Each line of the records has to be copied exactly, though the pictures must be left out.

● MATERIAL SHOWN
[Start of Attachment]
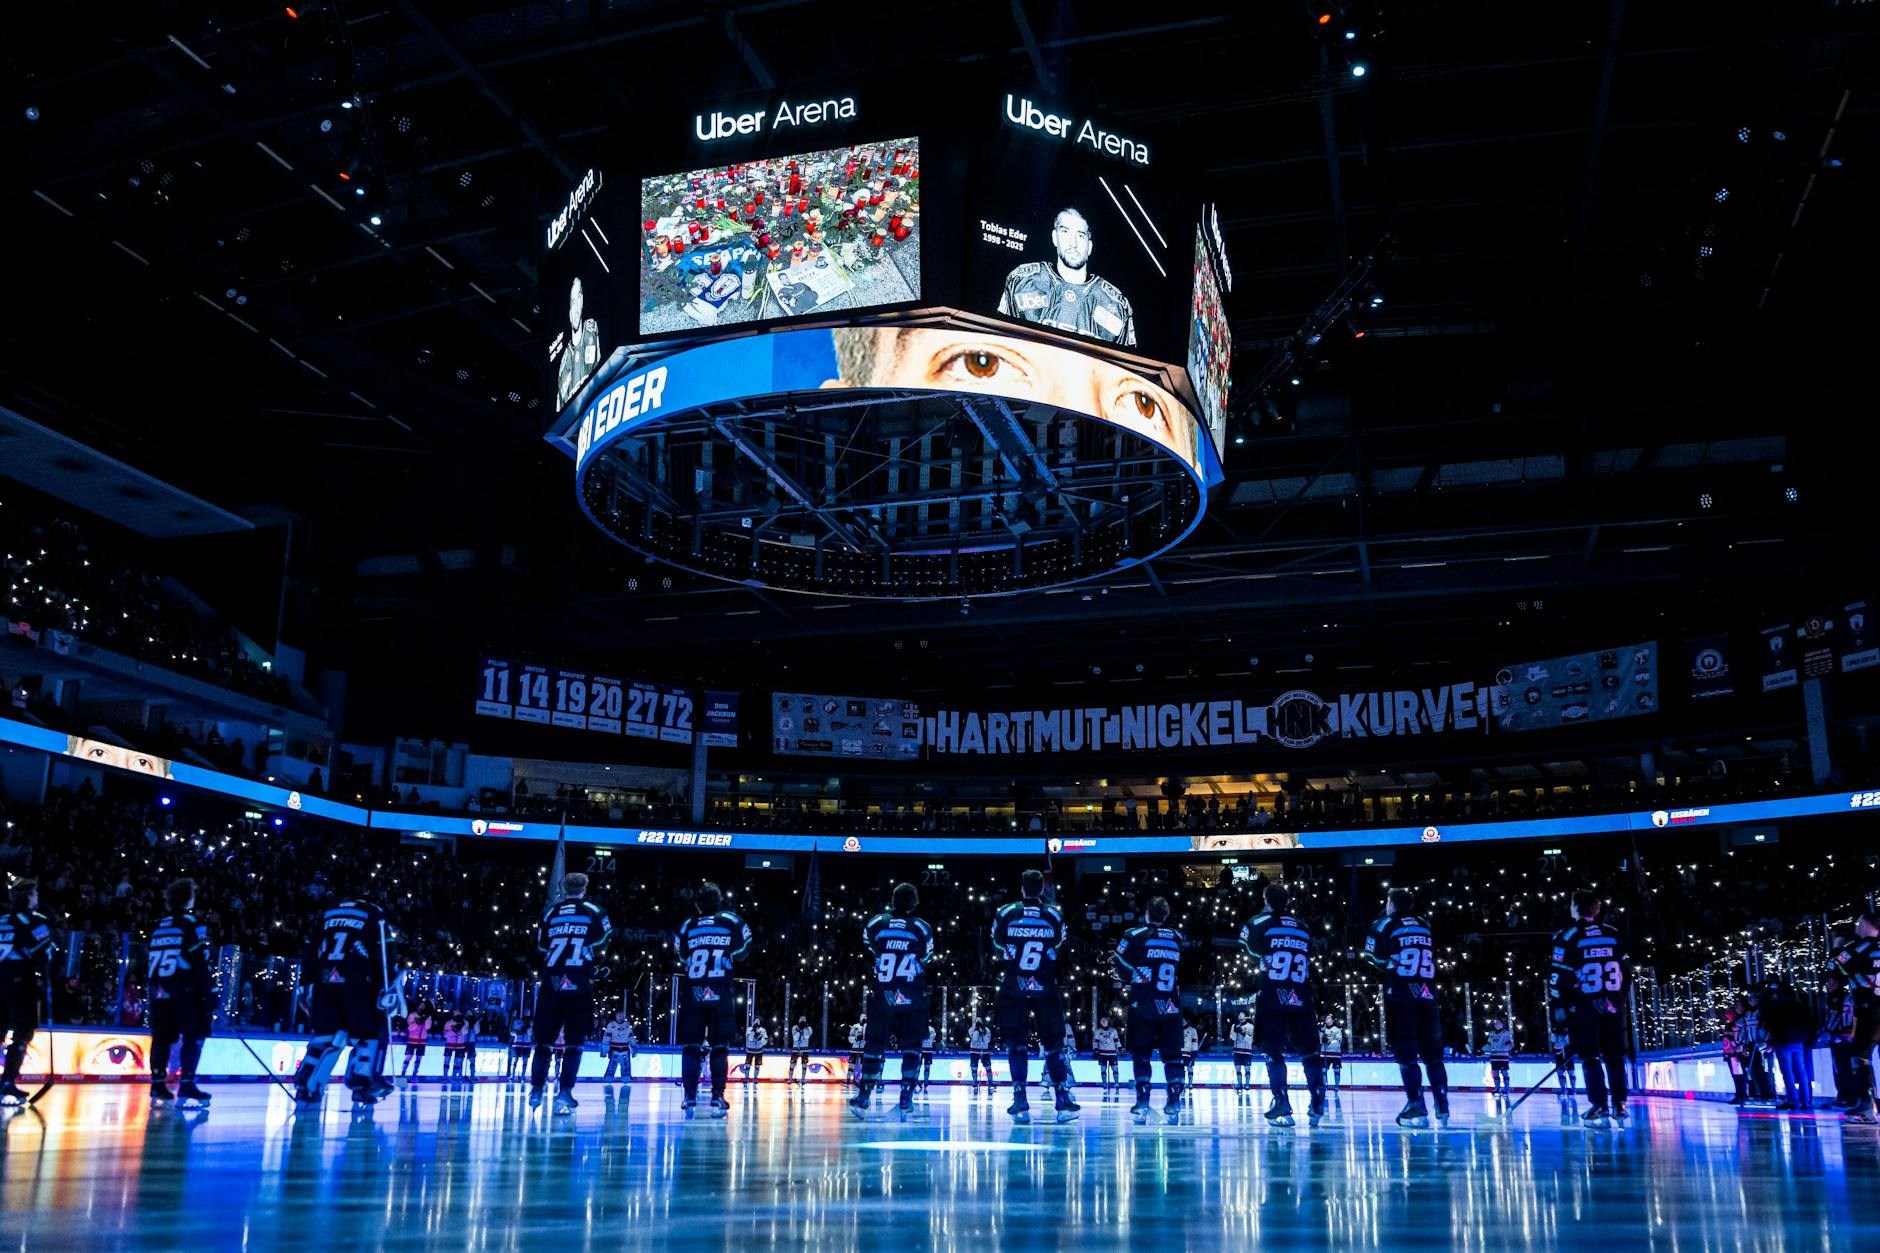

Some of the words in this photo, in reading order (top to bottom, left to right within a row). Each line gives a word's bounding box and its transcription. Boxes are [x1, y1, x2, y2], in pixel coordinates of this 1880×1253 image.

[697, 111, 766, 140] Uber
[773, 97, 856, 129] Arena
[1006, 94, 1072, 138] Uber
[1077, 119, 1150, 165] Arena
[547, 205, 568, 248] Uber
[568, 168, 594, 219] Arena
[980, 220, 1008, 236] Tobias
[1008, 228, 1028, 242] Eder
[983, 232, 1001, 245] 1998
[1005, 239, 1024, 251] 2025
[594, 366, 668, 443] EDER
[483, 667, 510, 703] 11
[520, 673, 550, 708] 14
[556, 679, 587, 713] 19
[590, 683, 623, 719] 20
[627, 689, 659, 724] 27
[662, 694, 694, 729] 72
[706, 710, 736, 718] JACKSON
[937, 707, 1107, 754] HARTMUT
[1121, 700, 1258, 750] NICKEL
[1339, 680, 1478, 739] KURVE
[638, 831, 665, 843] #22
[666, 832, 697, 845] TOBI
[698, 834, 732, 846] EDER
[586, 856, 617, 875] 214
[328, 932, 348, 960] 1
[885, 940, 910, 950] KIRK
[1007, 927, 1055, 938] WISSMANN
[1398, 936, 1432, 947] TIFFELS
[148, 949, 181, 978] 75
[547, 937, 584, 967] 71
[688, 949, 725, 979] 81
[1019, 941, 1044, 971] 6
[1268, 951, 1307, 983] 93
[1397, 948, 1435, 979] 95
[878, 953, 917, 982] 94
[1156, 963, 1175, 991] 9
[1581, 961, 1621, 993] 33
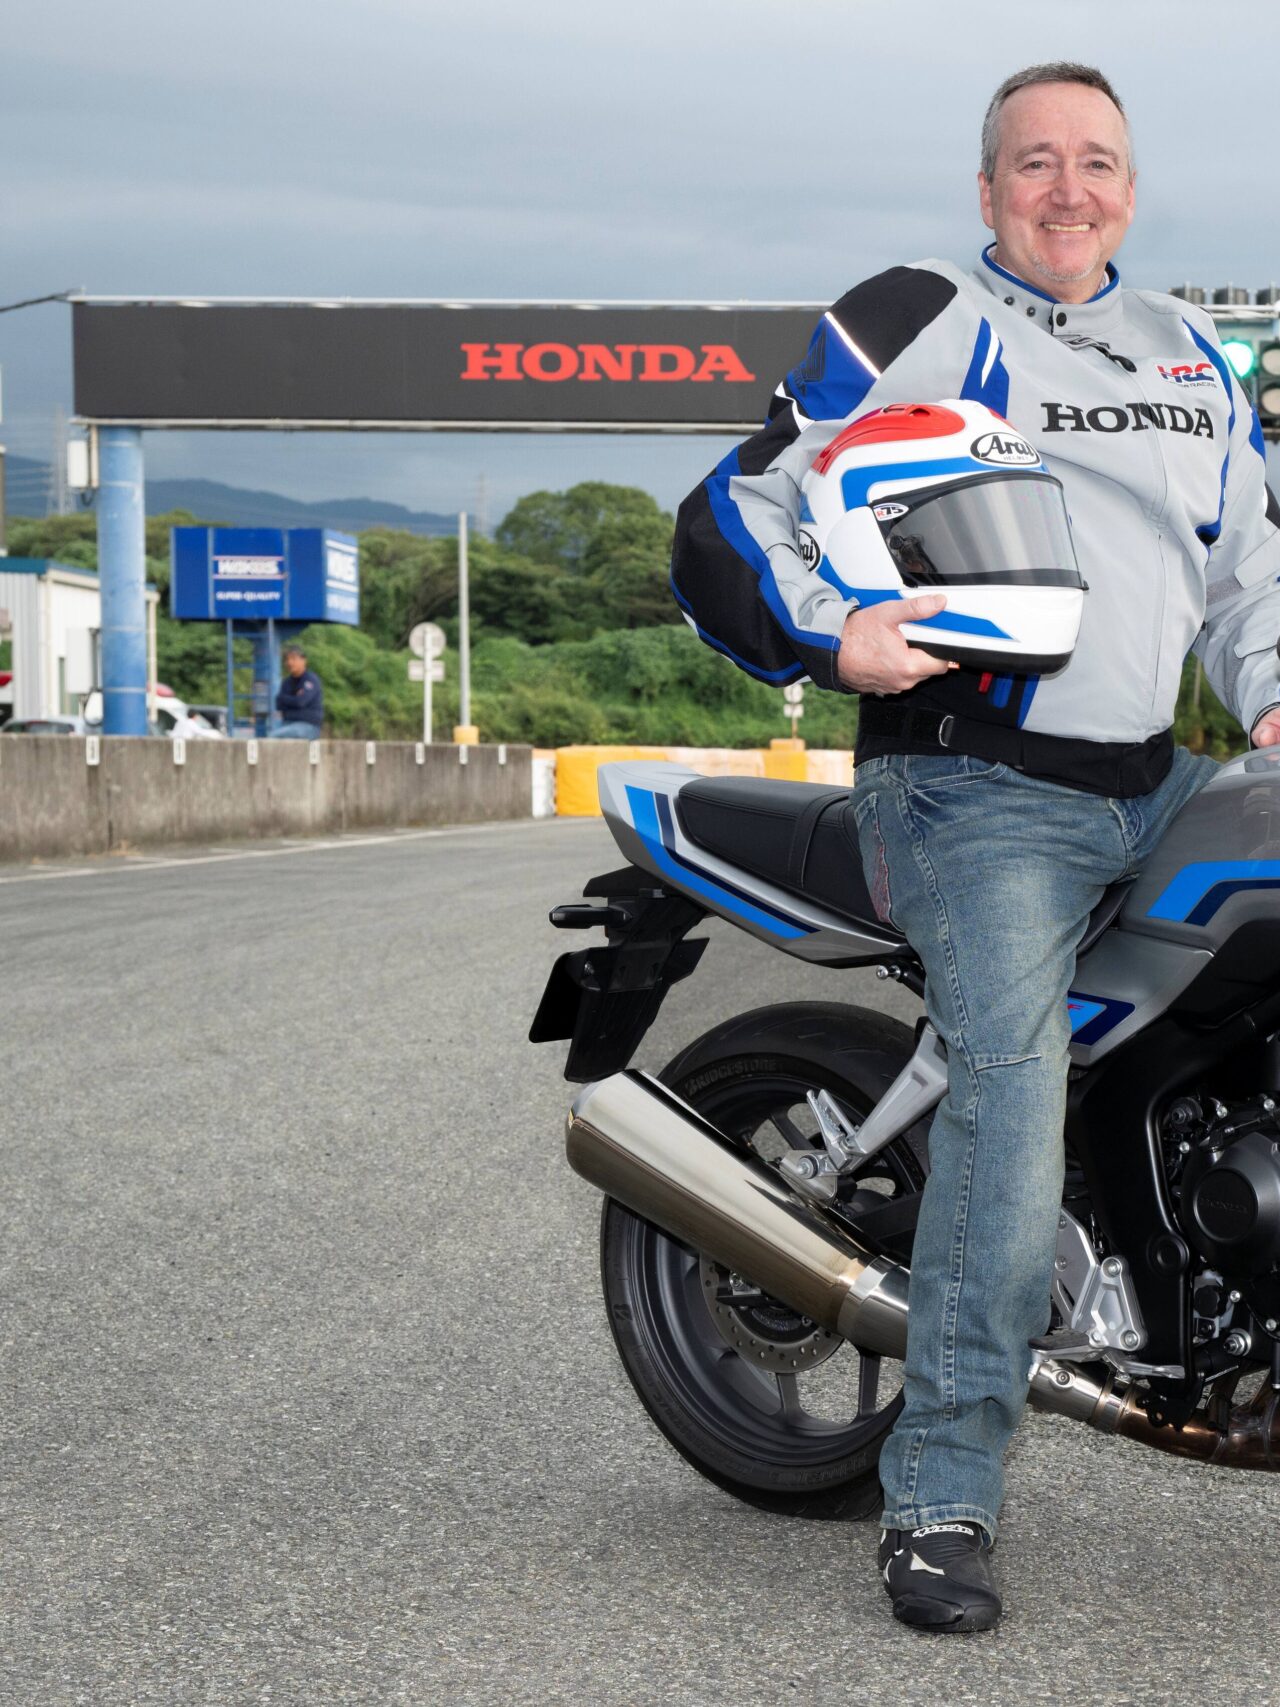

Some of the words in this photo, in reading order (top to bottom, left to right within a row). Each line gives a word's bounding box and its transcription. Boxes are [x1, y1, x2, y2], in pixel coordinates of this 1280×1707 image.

[460, 342, 756, 382] HONDA
[1157, 362, 1215, 383] HRC
[1041, 402, 1214, 440] HONDA
[980, 435, 1035, 457] Arai
[End of Attachment]
● EXPECTED ANSWER
Some of the words in this photo, in reading order (top to bottom, left to right within a row). Each line gives a word's bounding box and its transcription. Boxes are [x1, y1, x2, y2], in pixel coordinates of this 1880×1253 image.

[697, 111, 766, 140] Uber
[773, 97, 856, 129] Arena
[1006, 94, 1072, 138] Uber
[1077, 119, 1150, 165] Arena
[547, 205, 568, 248] Uber
[568, 168, 594, 219] Arena
[980, 220, 1008, 236] Tobias
[1008, 228, 1028, 242] Eder
[983, 232, 1001, 245] 1998
[1005, 239, 1024, 251] 2025
[594, 366, 668, 443] EDER
[483, 667, 510, 703] 11
[520, 673, 550, 708] 14
[556, 679, 587, 713] 19
[590, 683, 623, 719] 20
[627, 689, 659, 724] 27
[662, 694, 694, 729] 72
[706, 710, 736, 718] JACKSON
[937, 707, 1107, 754] HARTMUT
[1121, 700, 1258, 750] NICKEL
[1339, 680, 1478, 739] KURVE
[638, 831, 665, 843] #22
[666, 832, 697, 845] TOBI
[698, 834, 732, 846] EDER
[586, 856, 617, 875] 214
[328, 932, 348, 960] 1
[885, 940, 910, 950] KIRK
[1007, 927, 1055, 938] WISSMANN
[1398, 936, 1432, 947] TIFFELS
[148, 949, 181, 978] 75
[547, 937, 584, 967] 71
[688, 949, 725, 979] 81
[1019, 941, 1044, 971] 6
[1268, 951, 1307, 983] 93
[1397, 948, 1435, 979] 95
[878, 953, 917, 982] 94
[1156, 963, 1175, 991] 9
[1581, 961, 1621, 993] 33

Some of the words in this photo, in reading order (top to bottom, left to right within a row). Each line gives a word's bounding box and its transcription. Boxes are [x1, y1, x2, y2], in pixel coordinates of this 1280×1707 image.

[460, 342, 756, 382] HONDA
[1157, 362, 1215, 383] HRC
[1041, 402, 1214, 440] HONDA
[980, 435, 1035, 457] Arai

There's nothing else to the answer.